● **Problem description**
Below are some lines of data. Return all of them as they are.

● **Exercise materials**
——
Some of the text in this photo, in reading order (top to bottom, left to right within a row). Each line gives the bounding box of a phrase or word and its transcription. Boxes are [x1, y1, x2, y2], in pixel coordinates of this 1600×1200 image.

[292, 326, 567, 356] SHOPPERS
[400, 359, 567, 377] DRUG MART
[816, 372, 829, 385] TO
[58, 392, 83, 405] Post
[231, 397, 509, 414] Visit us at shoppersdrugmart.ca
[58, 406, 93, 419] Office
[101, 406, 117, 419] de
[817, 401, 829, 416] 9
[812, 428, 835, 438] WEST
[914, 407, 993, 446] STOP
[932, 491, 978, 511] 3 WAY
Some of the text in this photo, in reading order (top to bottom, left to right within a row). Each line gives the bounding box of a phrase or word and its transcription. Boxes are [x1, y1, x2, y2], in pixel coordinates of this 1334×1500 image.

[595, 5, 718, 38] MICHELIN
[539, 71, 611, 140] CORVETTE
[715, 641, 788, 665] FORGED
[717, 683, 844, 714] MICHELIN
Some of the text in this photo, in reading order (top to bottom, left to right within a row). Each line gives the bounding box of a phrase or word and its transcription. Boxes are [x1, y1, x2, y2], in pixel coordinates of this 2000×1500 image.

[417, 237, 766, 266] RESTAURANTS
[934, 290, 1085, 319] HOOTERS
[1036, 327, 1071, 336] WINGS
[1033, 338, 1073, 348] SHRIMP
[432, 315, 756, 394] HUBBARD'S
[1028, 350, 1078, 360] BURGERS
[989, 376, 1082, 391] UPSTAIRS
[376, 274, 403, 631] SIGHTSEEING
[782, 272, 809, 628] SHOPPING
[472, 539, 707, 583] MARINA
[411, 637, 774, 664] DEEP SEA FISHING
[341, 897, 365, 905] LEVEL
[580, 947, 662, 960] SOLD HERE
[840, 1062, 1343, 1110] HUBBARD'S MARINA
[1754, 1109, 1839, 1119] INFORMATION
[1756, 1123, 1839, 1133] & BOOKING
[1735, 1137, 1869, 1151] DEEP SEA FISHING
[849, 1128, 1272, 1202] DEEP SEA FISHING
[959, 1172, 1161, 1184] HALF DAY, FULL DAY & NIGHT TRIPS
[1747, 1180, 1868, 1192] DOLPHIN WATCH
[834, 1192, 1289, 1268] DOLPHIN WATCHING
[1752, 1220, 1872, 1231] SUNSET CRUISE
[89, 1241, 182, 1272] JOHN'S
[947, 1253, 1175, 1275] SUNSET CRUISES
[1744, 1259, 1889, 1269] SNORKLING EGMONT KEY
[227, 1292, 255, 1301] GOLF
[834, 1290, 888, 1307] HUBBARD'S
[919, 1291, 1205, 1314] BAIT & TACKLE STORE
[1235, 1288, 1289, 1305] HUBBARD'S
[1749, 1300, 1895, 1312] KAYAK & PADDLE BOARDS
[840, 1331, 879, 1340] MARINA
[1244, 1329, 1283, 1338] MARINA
——
● **Response to the exercise**
Some of the text in this photo, in reading order (top to bottom, left to right within a row). Each line gives the bounding box of a phrase or word and its transcription. Boxes are [x1, y1, x2, y2], in pixel coordinates of this 1600×1200 image.

[292, 326, 567, 356] SHOPPERS
[400, 359, 567, 377] DRUG MART
[816, 372, 829, 385] TO
[58, 392, 83, 405] Post
[231, 397, 509, 414] Visit us at shoppersdrugmart.ca
[58, 406, 93, 419] Office
[101, 406, 117, 419] de
[817, 401, 829, 416] 9
[812, 428, 835, 438] WEST
[914, 407, 993, 446] STOP
[932, 491, 978, 511] 3 WAY
Some of the text in this photo, in reading order (top to bottom, left to right within a row). Each line gives the bounding box of a phrase or word and its transcription. Boxes are [x1, y1, x2, y2], in pixel coordinates of this 1334×1500 image.

[595, 5, 718, 38] MICHELIN
[539, 71, 611, 140] CORVETTE
[715, 641, 788, 665] FORGED
[717, 683, 844, 714] MICHELIN
Some of the text in this photo, in reading order (top to bottom, left to right within a row). Each line gives the bounding box of a phrase or word and its transcription. Boxes are [x1, y1, x2, y2], in pixel coordinates of this 2000×1500 image.

[417, 237, 766, 266] RESTAURANTS
[934, 290, 1085, 319] HOOTERS
[1036, 327, 1071, 336] WINGS
[1033, 338, 1073, 348] SHRIMP
[432, 315, 756, 394] HUBBARD'S
[1028, 350, 1078, 360] BURGERS
[989, 376, 1082, 391] UPSTAIRS
[376, 274, 403, 631] SIGHTSEEING
[782, 272, 809, 628] SHOPPING
[472, 539, 707, 583] MARINA
[411, 637, 774, 664] DEEP SEA FISHING
[341, 897, 365, 905] LEVEL
[580, 947, 662, 960] SOLD HERE
[840, 1062, 1343, 1110] HUBBARD'S MARINA
[1754, 1109, 1839, 1119] INFORMATION
[1756, 1123, 1839, 1133] & BOOKING
[1735, 1137, 1869, 1151] DEEP SEA FISHING
[849, 1128, 1272, 1202] DEEP SEA FISHING
[959, 1172, 1161, 1184] HALF DAY, FULL DAY & NIGHT TRIPS
[1747, 1180, 1868, 1192] DOLPHIN WATCH
[834, 1192, 1289, 1268] DOLPHIN WATCHING
[1752, 1220, 1872, 1231] SUNSET CRUISE
[89, 1241, 182, 1272] JOHN'S
[947, 1253, 1175, 1275] SUNSET CRUISES
[1744, 1259, 1889, 1269] SNORKLING EGMONT KEY
[227, 1292, 255, 1301] GOLF
[834, 1290, 888, 1307] HUBBARD'S
[919, 1291, 1205, 1314] BAIT & TACKLE STORE
[1235, 1288, 1289, 1305] HUBBARD'S
[1749, 1300, 1895, 1312] KAYAK & PADDLE BOARDS
[840, 1331, 879, 1340] MARINA
[1244, 1329, 1283, 1338] MARINA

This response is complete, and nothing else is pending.